When I want to run Wireshark locally to display a packet capture running on another machine, this works on bash, using input redirection from the output of a subshell:
wireshark -k -i <(ssh user@machine "sudo dumpcap -P -w - -f '<filter>' -i eth0")
From what I could find, the syntax for similar behavior on the fish shell is the same but when I run that command on fish, I get the Wireshark output on the terminal but can't see the Wireshark window.
Is there something I'm missing?
In a shell the user can run programs and also redirect the input to come from a file and output to come from a file.
On a command line, redirection is the process of using the input/output of a file or command to use it as an input for another file. It is similar but different from pipes, as it allows reading/writing from files instead of only commands.

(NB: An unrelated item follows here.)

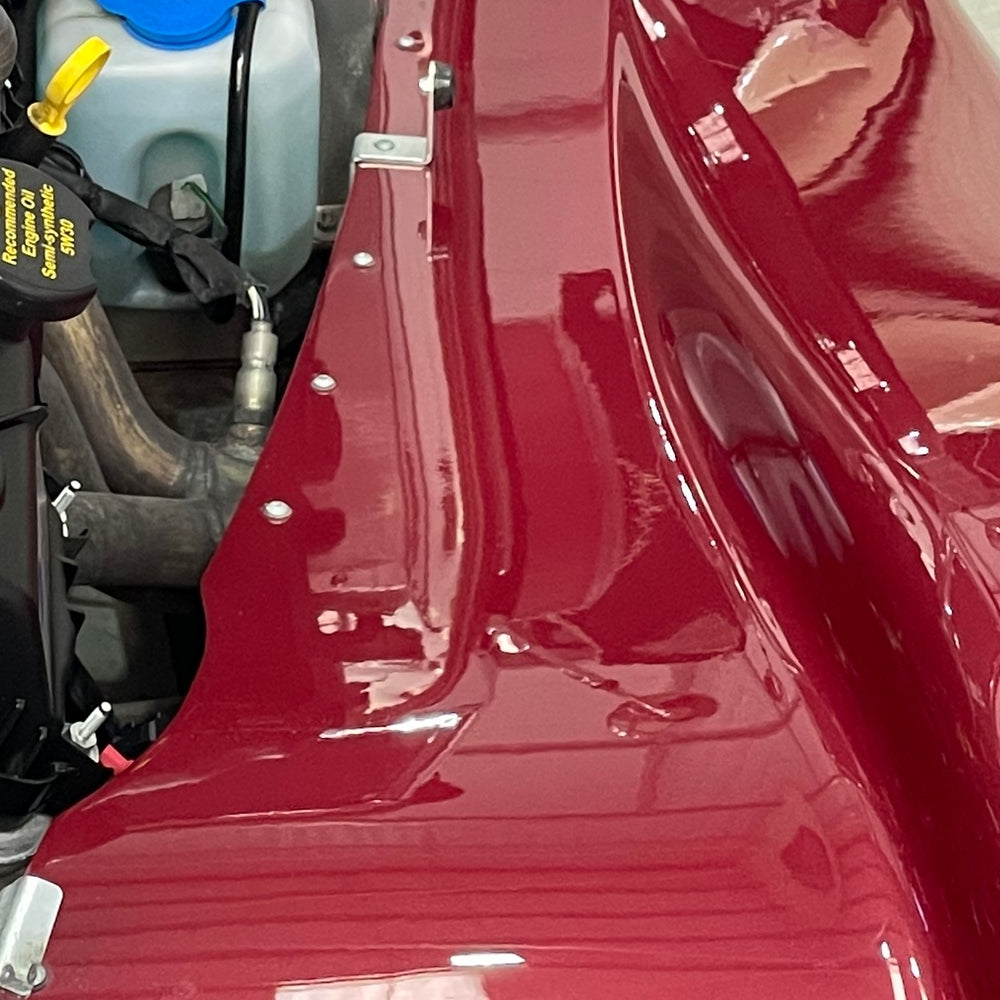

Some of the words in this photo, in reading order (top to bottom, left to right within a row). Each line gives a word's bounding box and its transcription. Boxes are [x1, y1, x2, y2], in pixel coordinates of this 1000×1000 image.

Before a command is executed, its input and output may be redirected using a special notation interpreted by the shell. Redirection allows commands' file handles to be duplicated, opened, closed, made to refer to different files, and can change the files the command reads from and writes to.
Input RedirectionJust as the output of a command can be redirected to a file, so can the input of a command be redirected from a file. As the greater-than character > is used for output redirection, the less-than character < is used to redirect the input of a command.
What you're using there in bash is process substitution (the <()
syntax). It is a bash specific syntax (although zsh
adopted this same syntax along with its own =()
).
fish
does have process substitution under a different syntax ((process | psub)
). For example:
wireshark -k -i (ssh user@machine "sudo dumpcap -P -w - -f '<filter>' -i eth0" | psub)
bash | equivalent in fish
----------- | ------------------
cat <(ls) | cat (ls|psub)
ls > >(cat) | N/A (need to find a way to use a pipe, e.g. ls|cat)
The fish equivalent of <()
isn't well suited to this use case. Is there some reason you can't use this simpler and more portable formulation?